El impulso de Vaca Muerta
La CEPH destacó el rol del sector energético en la balanza comercial
Entre enero y junio, el sector energético argentino generó un superávit de U$S 3.700 millones, un 36% más que en el mismo período de 2024. Sin ese aporte, la balanza comercial habría cerrado con resultado negativo.
Según un informe reciente de la Cámara de Exploración y Producción de Hidrocarburos (CEPH), el buen desempeño del sector energético fue determinante para que la balanza comercial argentina cerrara el primer semestre de 2025 con resultado positivo.

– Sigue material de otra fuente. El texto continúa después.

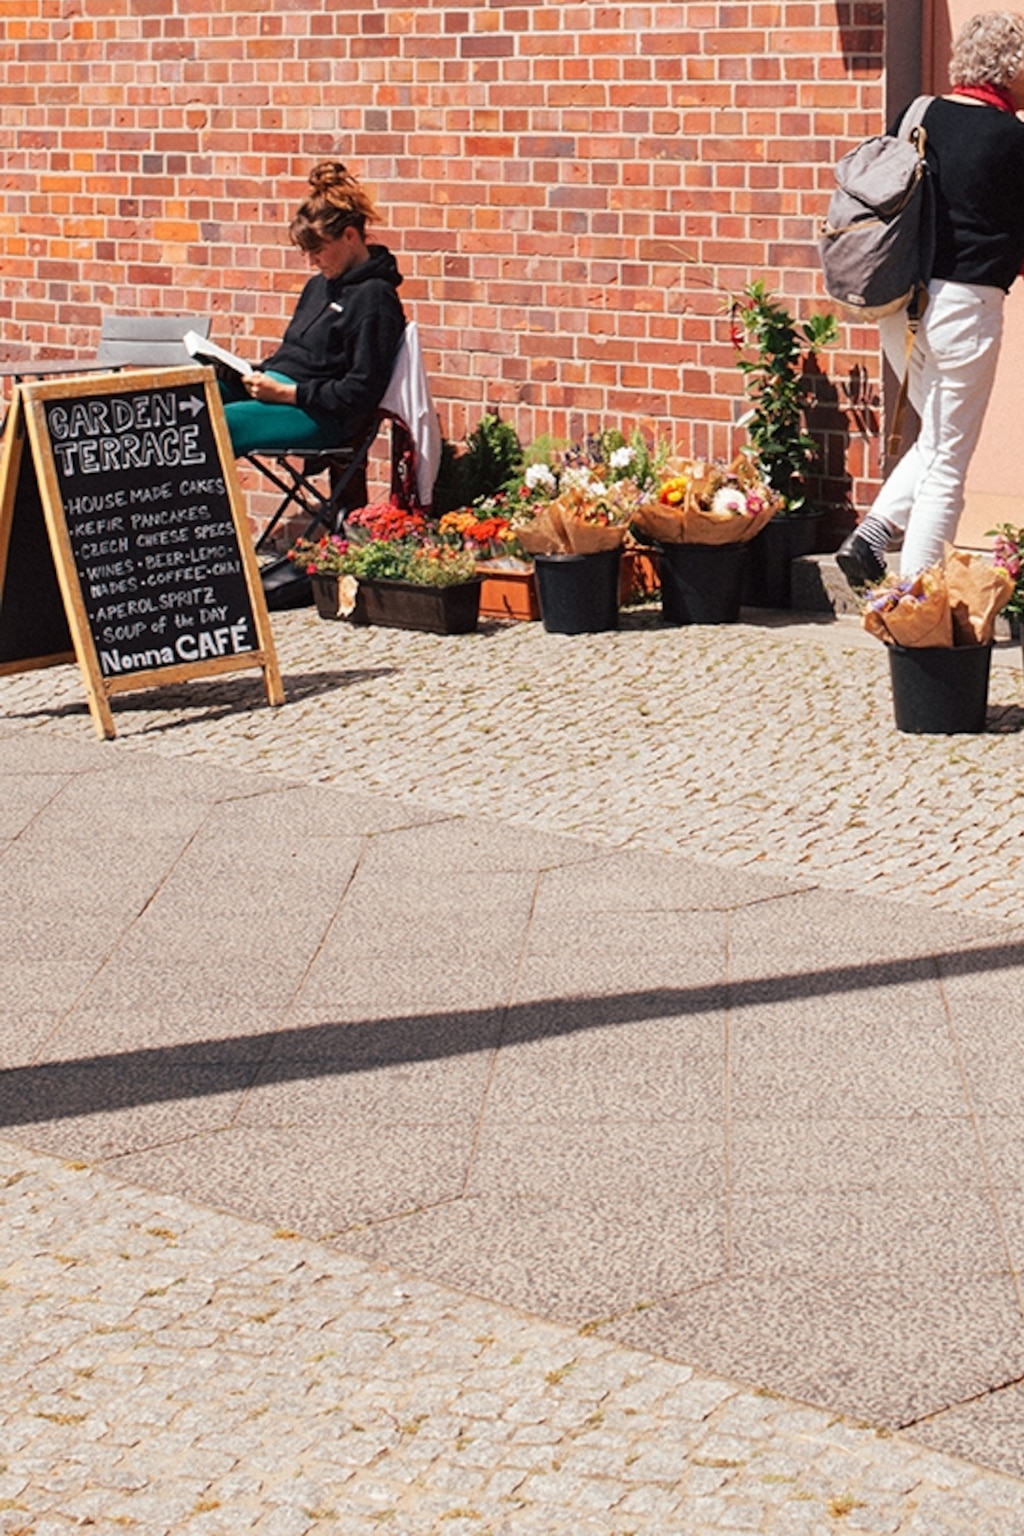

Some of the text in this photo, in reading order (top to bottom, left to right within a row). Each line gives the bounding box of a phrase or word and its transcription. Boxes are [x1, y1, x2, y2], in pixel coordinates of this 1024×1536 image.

En los primeros seis meses del año, el superávit generado por las exportaciones energéticas alcanzó los U$S 3.700 millones, lo que representa un incremento del 36% en relación con el mismo período del año pasado.
De acuerdo con datos oficiales, sin el aporte del complejo hidrocarburífero, la balanza comercial del país habría mostrado un saldo negativo.
Las exportaciones energéticas registraron un aumento del 11% respecto al primer semestre de 2024, impulsadas por una mejora en la producción de hidrocarburos y la expansión de infraestructura para su transporte y evacuación.
En ese marco, las exportaciones de gas crecieron un 10%, y solo en junio, las ventas externas de crudo alcanzaron los 371 mil barriles diarios. Este dinamismo permite proyectar un superávit energético anual superior a los U$S 6.000 millones, con la meta de superar los U$S 25.000 millones hacia fines de la década.
Desde mayo, la producción de shale oil retomó una senda ascendente, apalancada por una mayor cantidad de pozos conectados, lo que anticipa un crecimiento sostenido en los volúmenes de producción para los próximos meses.
Al mismo tiempo, las importaciones energéticas cayeron un 39%, debido a la mayor inyección de gas nacional al sistema, habilitada por el aumento en la capacidad de producción y transporte.
Esta menor necesidad de importaciones fortaleció el aporte neto del sector energético, con un impacto positivo en el ingreso de divisas genuinas a la economía.
En total, el comercio exterior argentino registró un superávit de U$S 2.788 millones en el primer semestre, lo que representa una caída del 74% respecto al mismo período de 2024.
Sin embargo, este resultado sólo pudo mantenerse en terreno positivo gracias a las exportaciones energéticas, especialmente de crudo.
El último monitoreo del Instituto de Estrategia Internacional de la Cámara de Comercio Exterior de la República Argentina destaca que las exportaciones energéticas crecieron en cantidades un 110,5% frente al primer semestre del año pasado.
El informe también advierte que, si bien la apuesta por el desarrollo del sector es sólida y de largo plazo, persisten factores coyunturales de impacto, como la volatilidad del precio internacional del petróleo.
Según cálculos de la CEPH, por cada U$S 10 de caída en el precio del barril de crudo, las empresas productoras locales pierden alrededor de U$S 2.800 millones anuales en ingresos.